Una situazione che, secondo il M5S, rappresenta l’ennesima dimostrazione di un vuoto normativo che continua a produrre disuguaglianze e sofferenze evitabili.
Movimento 5 Stelle: “Destra ideologica e insensibile”
In una nota congiunta, i parlamentari e i consiglieri regionali pentastellati parlano di una “vicenda incresciosa”, accusando la destra al governo del Paese e della Regione Piemonte di ignorare deliberatamente il dramma di chi chiede soltanto una morte dignitosa.
Secondo il Movimento, le sentenze della Corte Costituzionale, pur fondamentali, non sono più sufficienti a garantire un diritto che dovrebbe essere uniforme su tutto il territorio nazionale. La stessa Consulta, ricordano, ha più volte sollecitato il Parlamento a intervenire per colmare questo vuoto legislativo.

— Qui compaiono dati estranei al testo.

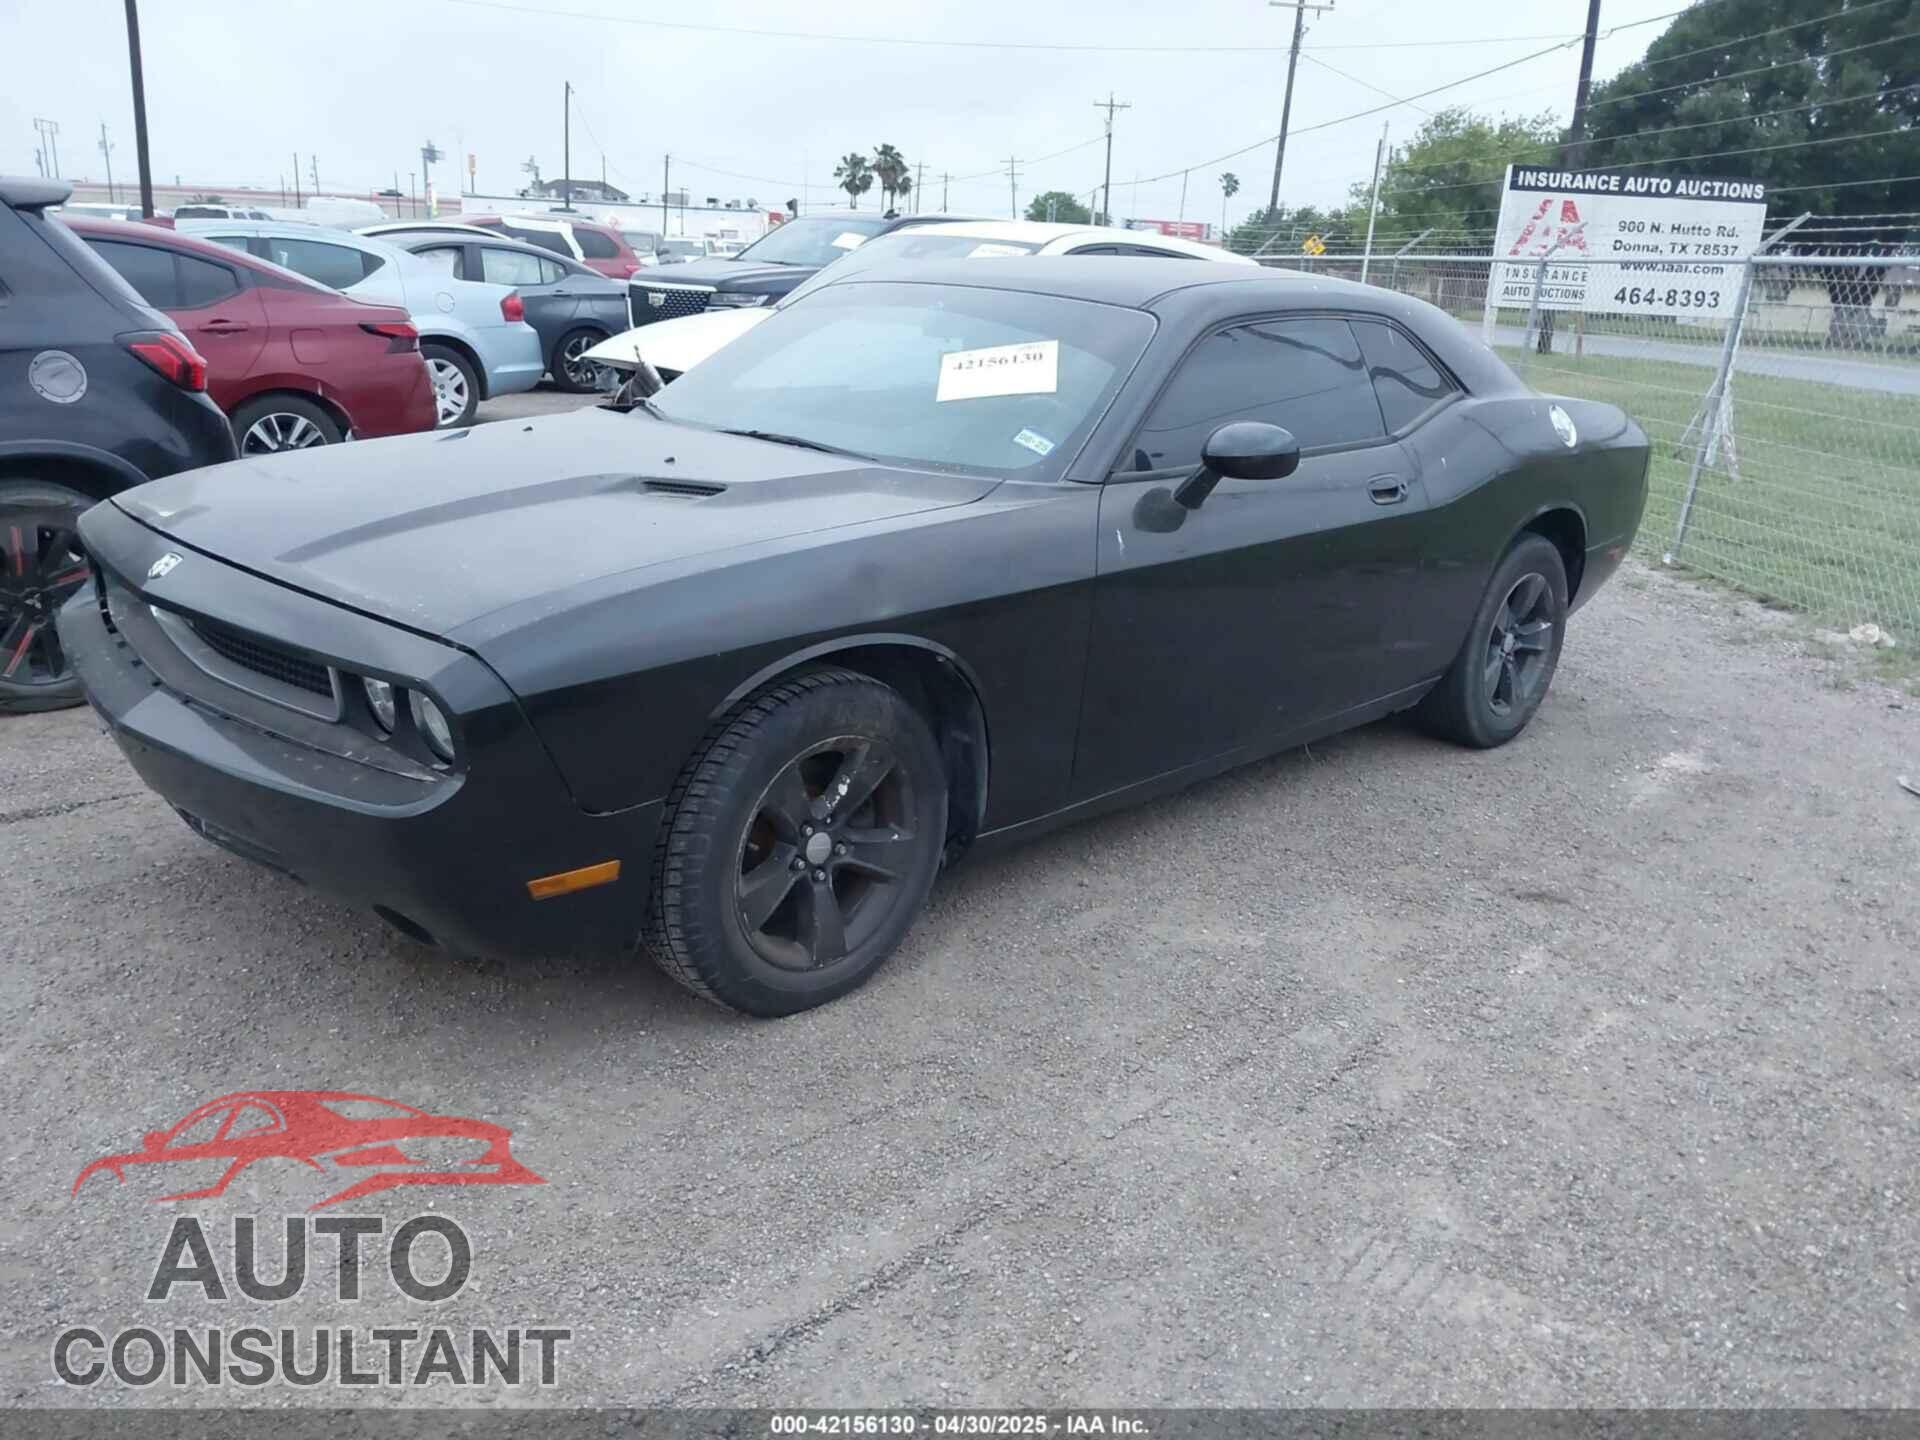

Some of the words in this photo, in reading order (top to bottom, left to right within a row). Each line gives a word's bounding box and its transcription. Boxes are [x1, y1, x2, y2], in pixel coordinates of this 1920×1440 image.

Il M5S ribadisce di aver già depositato proposte di legge sul fine vita, sia a livello regionale che nazionale, e chiede che si parta proprio da quei testi per arrivare finalmente a una normativa chiara e applicabile.
L’obiettivo dichiarato è garantire certezze ai pazienti, alle famiglie e alle strutture sanitarie, evitando che decisioni così delicate vengano lasciate all’arbitrio delle singole ASL o a interpretazioni difformi delle sentenze.
Fine vita, un tema ancora senza risposta politica
Il caso piemontese riaccende dunque il confronto su uno dei temi eticamente e politicamente più sensibili degli ultimi anni. In assenza di una legge sul fine vita, il rischio – denunciano i pentastellati – è che i diritti riconosciuti sulla carta restino inaccessibili nella pratica, soprattutto per le persone più fragili.
Un nodo che la politica è chiamata a sciogliere al più presto, per evitare che il diritto all’autodeterminazione resti ostaggio di bandiere ideologiche e di un vuoto normativo che pesa, ogni giorno, sulla vita e sulla sofferenza dei cittadini.